**What to work on**:
Below are the records; copy every line in them that holds the string "SERVEIS".

*** Data supplied

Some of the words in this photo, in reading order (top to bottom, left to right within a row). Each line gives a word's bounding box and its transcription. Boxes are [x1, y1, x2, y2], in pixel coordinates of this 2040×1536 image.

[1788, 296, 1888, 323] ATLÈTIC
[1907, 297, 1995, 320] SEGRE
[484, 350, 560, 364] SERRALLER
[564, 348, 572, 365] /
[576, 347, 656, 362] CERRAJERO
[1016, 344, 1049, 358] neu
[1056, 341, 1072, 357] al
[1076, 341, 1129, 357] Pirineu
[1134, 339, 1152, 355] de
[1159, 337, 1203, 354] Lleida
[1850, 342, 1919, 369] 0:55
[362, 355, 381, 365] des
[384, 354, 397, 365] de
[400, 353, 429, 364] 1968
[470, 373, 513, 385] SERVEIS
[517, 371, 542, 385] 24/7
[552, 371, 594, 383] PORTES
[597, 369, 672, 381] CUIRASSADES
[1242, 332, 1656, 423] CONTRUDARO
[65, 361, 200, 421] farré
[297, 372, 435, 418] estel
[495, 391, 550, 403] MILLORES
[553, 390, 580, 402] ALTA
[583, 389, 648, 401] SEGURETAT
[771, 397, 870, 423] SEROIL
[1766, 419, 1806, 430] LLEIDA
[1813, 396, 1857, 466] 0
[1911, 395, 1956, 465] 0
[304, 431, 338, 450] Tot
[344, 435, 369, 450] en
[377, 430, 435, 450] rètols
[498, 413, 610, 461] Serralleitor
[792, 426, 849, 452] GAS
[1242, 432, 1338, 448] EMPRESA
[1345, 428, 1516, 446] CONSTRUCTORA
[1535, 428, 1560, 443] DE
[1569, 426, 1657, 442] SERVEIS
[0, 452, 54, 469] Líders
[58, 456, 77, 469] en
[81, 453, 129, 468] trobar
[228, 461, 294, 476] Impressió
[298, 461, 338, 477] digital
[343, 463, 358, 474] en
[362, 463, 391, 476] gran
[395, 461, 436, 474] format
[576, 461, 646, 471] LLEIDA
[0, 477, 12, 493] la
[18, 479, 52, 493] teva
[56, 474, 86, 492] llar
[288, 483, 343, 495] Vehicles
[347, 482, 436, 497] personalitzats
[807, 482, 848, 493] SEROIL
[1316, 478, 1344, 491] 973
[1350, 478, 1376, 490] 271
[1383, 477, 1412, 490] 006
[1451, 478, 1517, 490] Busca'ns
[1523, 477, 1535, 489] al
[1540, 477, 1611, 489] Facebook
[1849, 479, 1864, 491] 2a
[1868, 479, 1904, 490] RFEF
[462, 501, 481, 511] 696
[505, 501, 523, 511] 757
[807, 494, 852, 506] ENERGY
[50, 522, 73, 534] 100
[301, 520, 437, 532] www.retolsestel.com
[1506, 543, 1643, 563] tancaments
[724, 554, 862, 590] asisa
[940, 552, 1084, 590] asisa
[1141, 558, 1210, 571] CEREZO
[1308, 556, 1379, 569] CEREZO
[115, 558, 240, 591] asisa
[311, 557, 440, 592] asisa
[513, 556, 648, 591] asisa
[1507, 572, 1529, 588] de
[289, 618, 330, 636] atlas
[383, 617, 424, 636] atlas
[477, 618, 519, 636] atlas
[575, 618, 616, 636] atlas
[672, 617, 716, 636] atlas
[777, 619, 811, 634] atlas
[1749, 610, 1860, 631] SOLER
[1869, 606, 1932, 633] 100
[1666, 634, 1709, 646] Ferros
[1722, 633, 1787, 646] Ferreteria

******

**Result below**:
[470, 373, 513, 385] SERVEIS
[1569, 426, 1657, 442] SERVEIS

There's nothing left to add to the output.